Here's the other thing: I have been to hundreds of schools. When I left Foothill yesterday, I couldn't help thinking how healthy that school is. The way the teachers interact with students, the way students interact and share their space with others, the diversity of the kids and staff, and the overwhelming beams of brightness and energy that shoot out of these kids' eyes -- it was something I honestly can't say I've seen anywhere else.

It was the best day in a long time.

I got to read to the kids from the following books: The Marbury Lens, Winger, and Grasshopper Jungle.

This is a purely anecdotal conclusion, but I'm pretty sure they liked Grasshopper Jungle the best, because I told them about how many parts of my books are taken from things that actually happened to me, and then I read them a chapter called Rat Boys from Mars and an Unfortunate Incident Involving an Inflatable Whale, about a kid named EJ Elgin... and I warned the boys in the room that this chapter would probably make them squirm and moan.

It did.

They kept asking, in horror and disgust, if it was honestly true, what happened to EJ Elgin.

It was true, kids.

And they asked so many questions!

They wanted me to scream at them in German.

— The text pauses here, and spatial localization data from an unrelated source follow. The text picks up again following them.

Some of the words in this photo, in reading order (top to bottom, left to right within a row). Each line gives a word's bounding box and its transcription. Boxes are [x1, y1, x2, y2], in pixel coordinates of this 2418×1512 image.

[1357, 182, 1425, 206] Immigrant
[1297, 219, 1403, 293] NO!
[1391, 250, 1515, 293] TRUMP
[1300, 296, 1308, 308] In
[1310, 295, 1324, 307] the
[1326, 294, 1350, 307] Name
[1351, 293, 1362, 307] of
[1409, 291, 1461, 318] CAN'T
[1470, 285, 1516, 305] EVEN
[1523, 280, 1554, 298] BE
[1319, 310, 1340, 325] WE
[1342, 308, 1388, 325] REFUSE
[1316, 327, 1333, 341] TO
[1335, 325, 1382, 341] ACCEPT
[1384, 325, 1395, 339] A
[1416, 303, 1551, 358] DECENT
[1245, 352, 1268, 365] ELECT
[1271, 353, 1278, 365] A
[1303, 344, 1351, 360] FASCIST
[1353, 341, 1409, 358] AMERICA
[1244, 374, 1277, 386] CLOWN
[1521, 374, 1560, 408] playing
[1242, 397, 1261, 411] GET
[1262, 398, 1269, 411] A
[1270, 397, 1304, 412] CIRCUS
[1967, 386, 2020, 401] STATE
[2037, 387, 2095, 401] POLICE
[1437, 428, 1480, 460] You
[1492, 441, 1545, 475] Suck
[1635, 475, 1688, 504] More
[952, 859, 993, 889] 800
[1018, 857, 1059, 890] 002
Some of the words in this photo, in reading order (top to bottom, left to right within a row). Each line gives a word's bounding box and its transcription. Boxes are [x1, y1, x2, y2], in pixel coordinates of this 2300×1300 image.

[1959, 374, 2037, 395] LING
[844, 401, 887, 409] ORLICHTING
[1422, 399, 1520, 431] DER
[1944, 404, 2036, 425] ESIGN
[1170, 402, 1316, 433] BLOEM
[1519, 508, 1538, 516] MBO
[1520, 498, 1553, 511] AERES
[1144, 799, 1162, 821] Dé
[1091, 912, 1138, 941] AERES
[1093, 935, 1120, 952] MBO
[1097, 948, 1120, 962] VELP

It was like the Nuremberg Rallies, only we were all in a good mood and we were more about reading books than burning them.

(They found out I can speak German, so I did say some things to them in German, although I am not a scream at you kind of guy)

One kid asked me this: If you woke up in the morning and you had bear claws instead of hands, what would you do?

My answer was this: I probably would not go pee.

Another student asked me if I had any rituals I performed before writing.

I said yes.

The ritual of the black coffee.

And that is the topic of today's Instagram photo, too: Drink.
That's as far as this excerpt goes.